El ascenso de Constantinopla significaba la continua decadencia de Roma, que llevaba una digna y fantasmal existencia, a la sombra de sus grandes monumentos y de las viejas tradiciones. Ya sólo era el lugar donde los emperadores, en sus raras estancias, celebraban triunfos y aniversarios de gobierno. Sin embargo, la significación simbólica de Roma era todavía muy grande para los contemporáneos, A la aeterna urbs se ligaba la creencia mágica en la aeternitas imperii, de ahí la consternación que se produjo cuando los godos conquistaron la ciudad, en el año 410. Esto también afectó a los cristianos; a las tradiciones paganas se unía la tradición de Roma como ciudad de las tumbas de los apóstoles. Aquí se fraguó el futuro papel de Roma: la despolitización de la ciudad era la condición necesaria para que el papado, como centro de la cristiandad occidental, pudiese alcanzar un día la independencia.

Imperio e Iglesia, estado absoluto y cristianismo cambiaron la realidad de la vida y la existencia del individuo. El estado romano tardío constituía tan sólo la cobertura exterior de este cambio.
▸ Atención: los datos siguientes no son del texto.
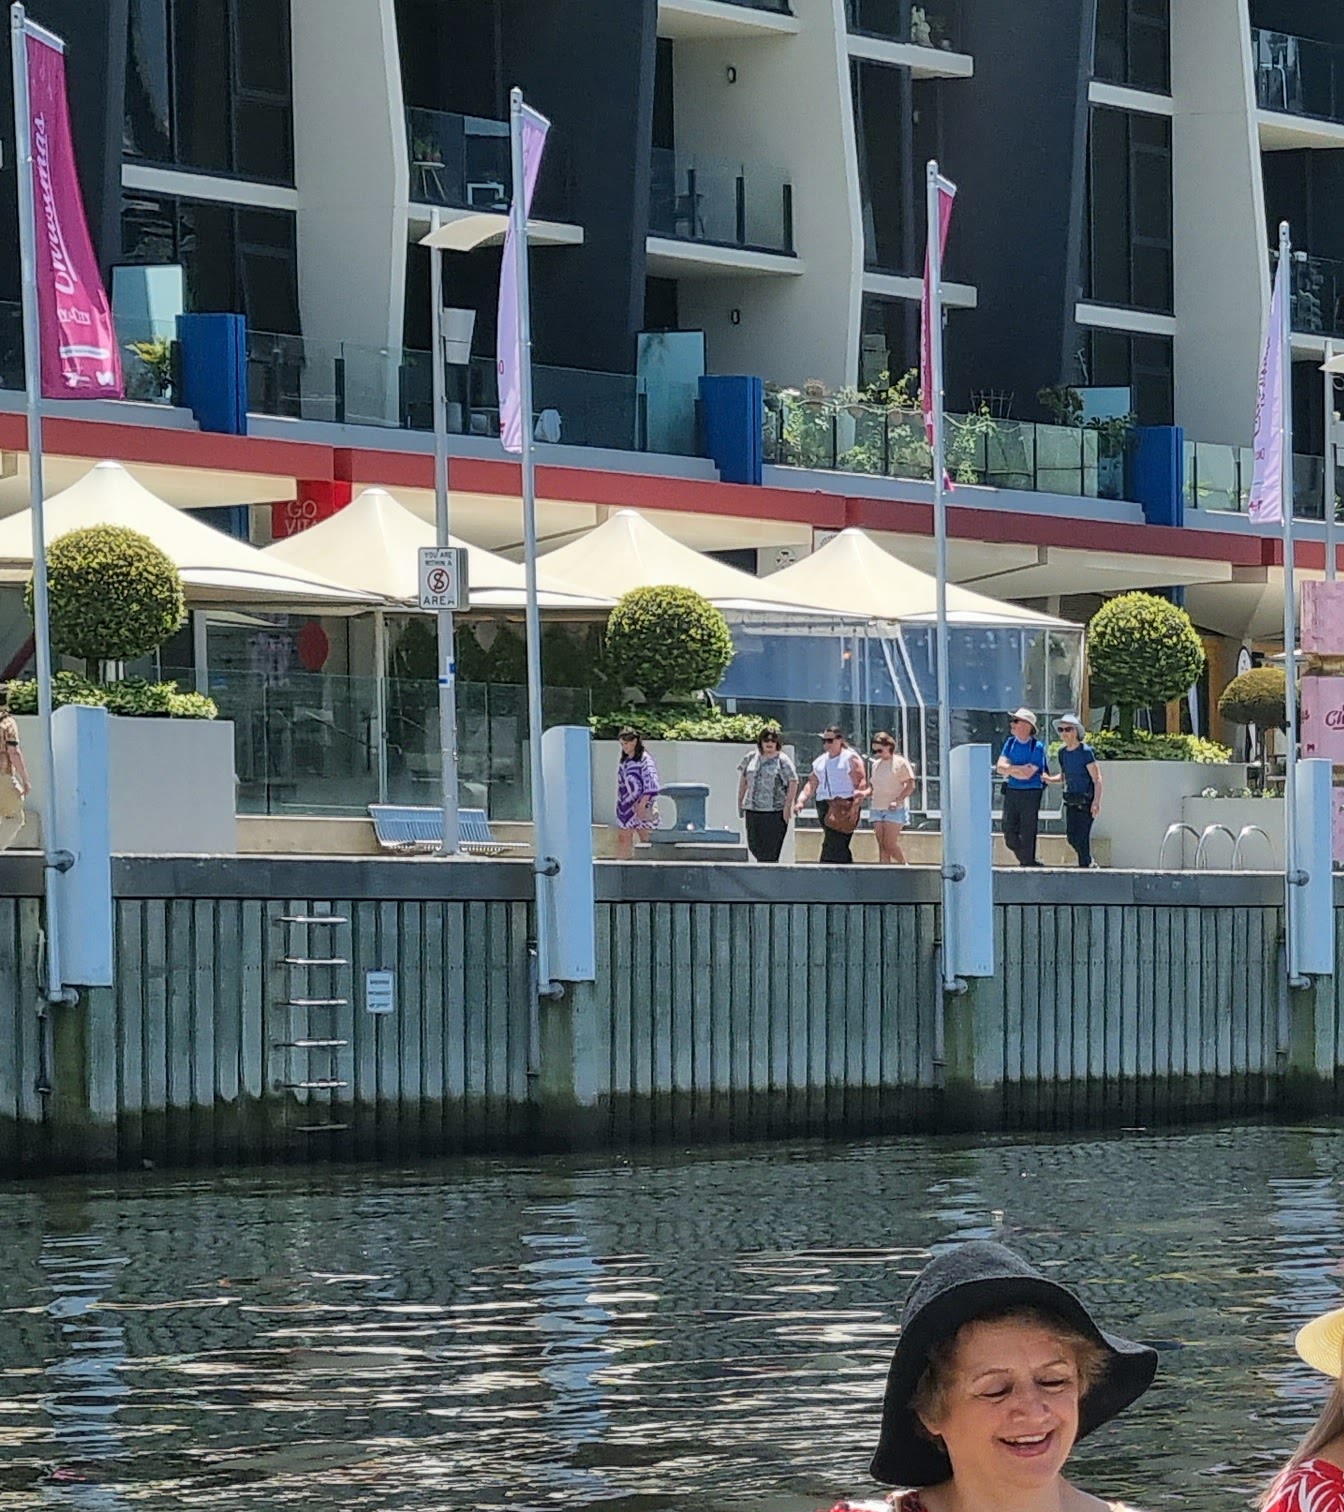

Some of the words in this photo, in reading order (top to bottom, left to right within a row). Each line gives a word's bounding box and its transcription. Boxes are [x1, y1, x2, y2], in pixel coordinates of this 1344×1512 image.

Los modelos y las formas de vida individuales y sociales, surgidos de la acción recíproca del orden político absolutista y de la revolución espiritual del cristianismo, sobrevivieron a tal estado. Con el ascenso de la Iglesia en una sociedad que se estaba renovando, se completó el proceso de transformación, que debía constituir las bases del futuro.

Los decenios que van desde Constantino a la muerte de San Agustín (430), constituyeron la gran época de la cristiandad. De una secta, no sin influencia pero sí reducida, la Iglesia se convirtió con gran rapidez en una organización que abarcaba todo el imperio. Partiendo de las catacumbas (en las que ciertamente no había vivido de hecho, pero sí desde el punto de vista político y espiritual, la Iglesia llegó a convertirse, junto al estado, en un factor de poder.

La Iglesia del siglo IV es una ecclesia triunphans. Los creyentes se entregan a sus obligaciones con la conciencia de pertenecer a una comunidad que ha conquistado su propia libertad y ve ante sí un grandioso futuro. Las nuevas posibilidades de acción y su gran atractivo hacen de la Iglesia en el orden espiritual y cultural, durante la época de los Santos Padres y del primer arte cristiano monumental, un factor creador.

La fe y sus problemas  penetran también rápida y profundamente en las amplias masas, modificándose el sentido y la concepción del mundo de todos los grupos sociales. En el año 382, el obispo Gregorio de Nisa nos ofrece un cuadro muy instructivo de la atmósfera reinante en Constantinopla: «La ciudad está llena de gentes, que dicen cosas incomprensibles por las calles, mercados, plazas y cruces de caminos. Cuando voy a la tienda y pregunto cuánto tengo que pagar, me responden con un discurso filosófico sobre el Hijo engendrado o no engendrado, del Padre. Cuando pregunto en una panadería por el precio del pan, me responde el panadero que, sin lugar a dudas, el Padre es más grande que el Hijo. Cuando pregunto en las termas si puedo tomar un baño, intenta demostrarme el bañero que, con toda certeza, el Hijo ha surgido de la nada. Los grandes problemas de la fe no eran asunto exclusivo del clero o de las gentes cultas, sino una cuestión vital para todo el mundo. Las sesiones o conclusiones de los concilios se discutían y criticaban como hoy ocurre con los partidos de fútbol o el «Tour de France»; tal era la intensidad con que estos problemas ocupaban la mente de las amplias masas populares.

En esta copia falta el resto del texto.